◆ **Exercise objective**
Copy all records exactly, excluding images.

◆ **Records shown**
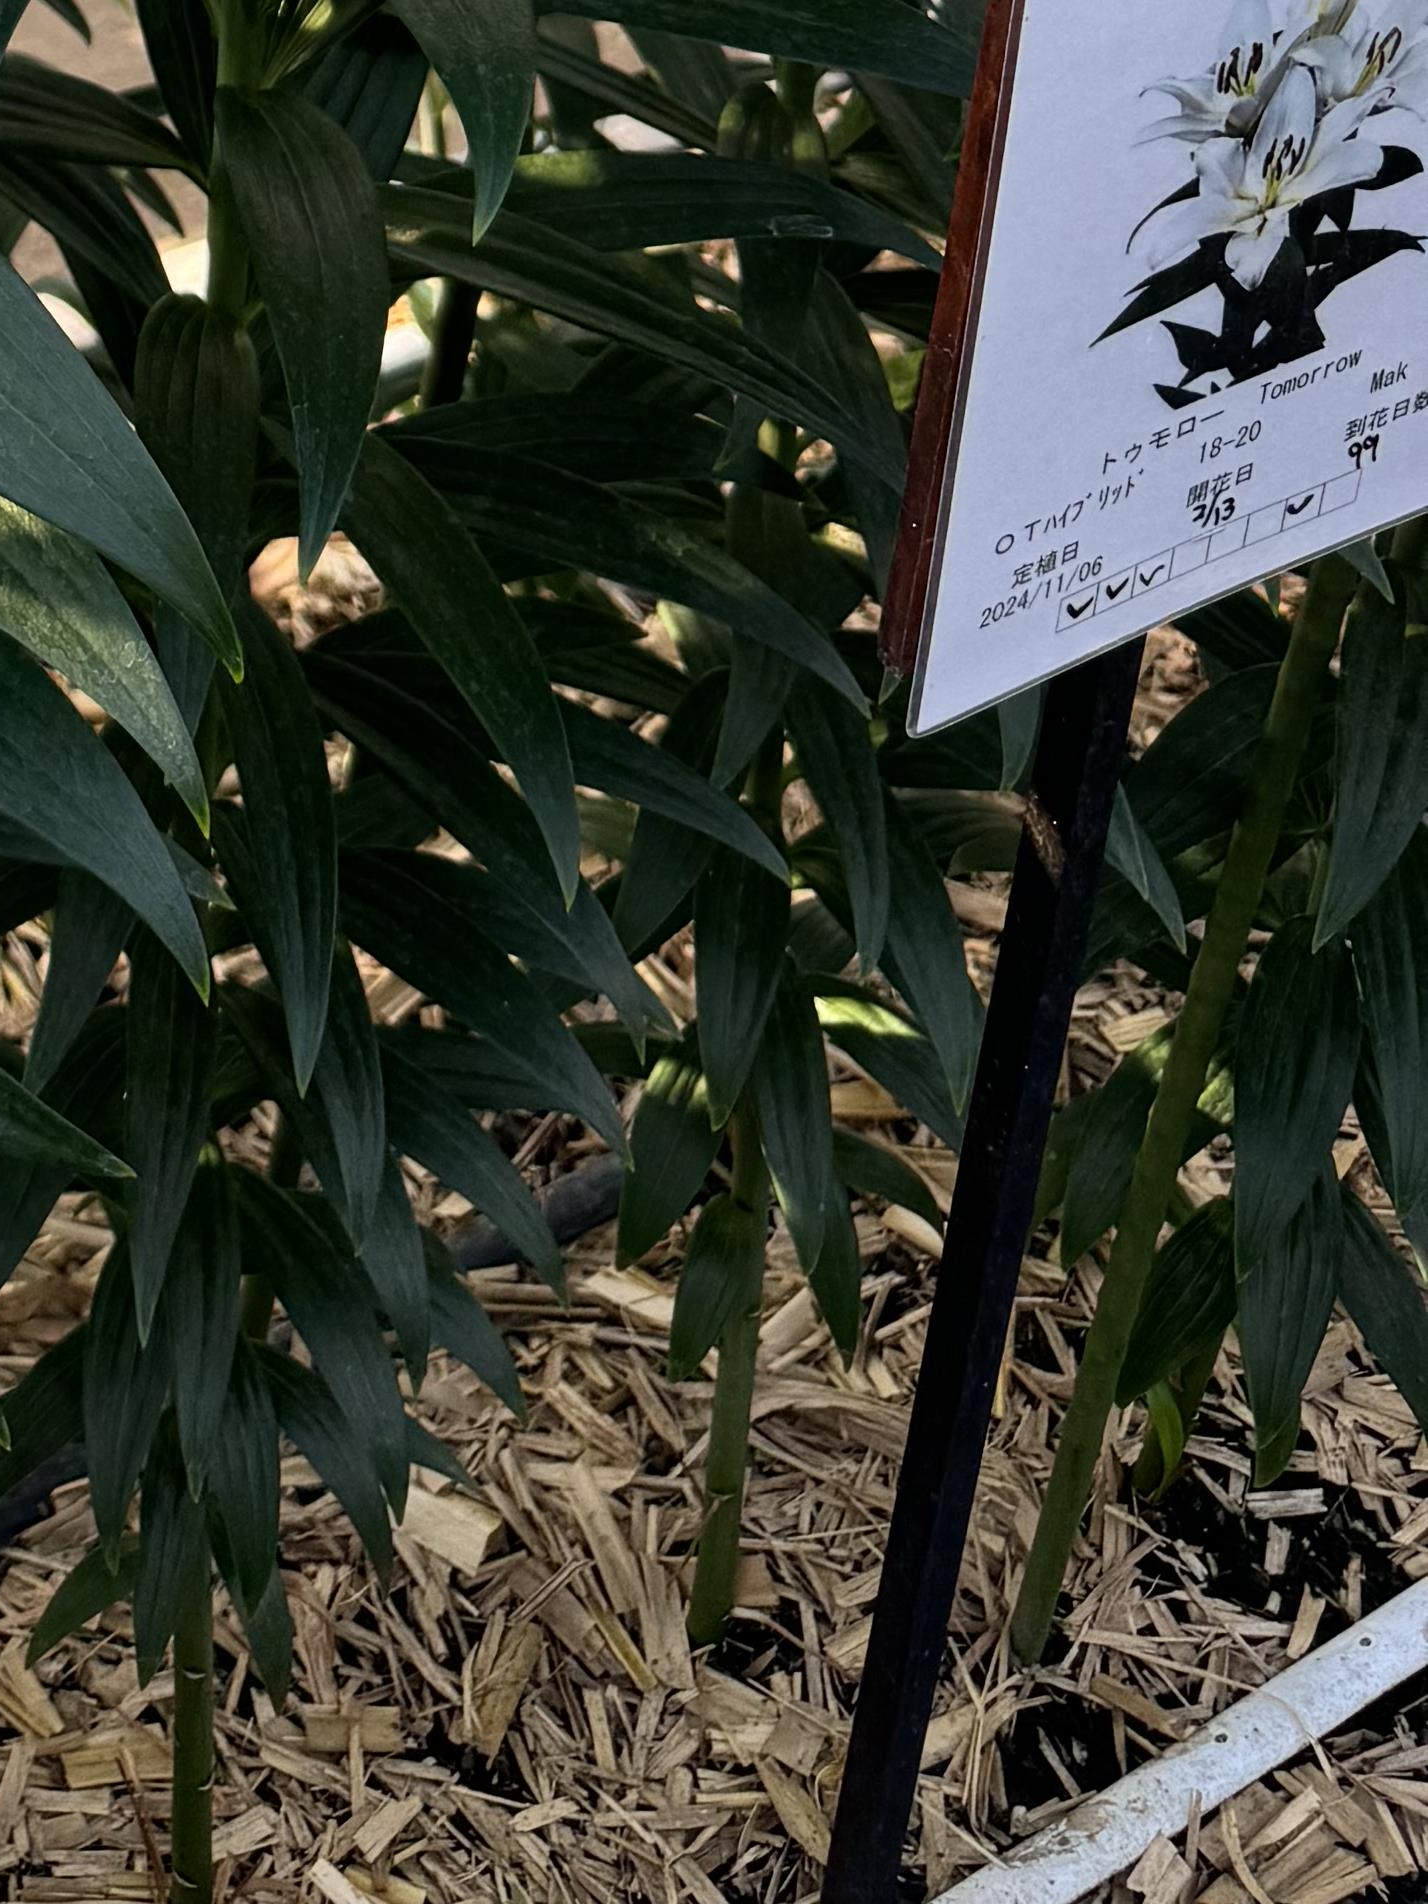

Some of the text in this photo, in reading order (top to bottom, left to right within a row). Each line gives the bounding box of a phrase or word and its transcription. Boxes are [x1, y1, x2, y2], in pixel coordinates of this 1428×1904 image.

[1259, 349, 1363, 405] Tomorrow
[1200, 419, 1262, 464] 18-20
[1370, 361, 1408, 394] Mak
[1348, 433, 1380, 470] 99
[1011, 541, 1079, 589] 定植日
[1186, 462, 1254, 508] 開花日
[1192, 490, 1236, 528] 2/13
[979, 555, 1104, 629] 2024/11/06

◆ **Written response**
Some of the text in this photo, in reading order (top to bottom, left to right within a row). Each line gives the bounding box of a phrase or word and its transcription. Boxes are [x1, y1, x2, y2], in pixel coordinates of this 1428×1904 image.

[1259, 349, 1363, 405] Tomorrow
[1200, 419, 1262, 464] 18-20
[1370, 361, 1408, 394] Mak
[1348, 433, 1380, 470] 99
[1011, 541, 1079, 589] 定植日
[1186, 462, 1254, 508] 開花日
[1192, 490, 1236, 528] 2/13
[979, 555, 1104, 629] 2024/11/06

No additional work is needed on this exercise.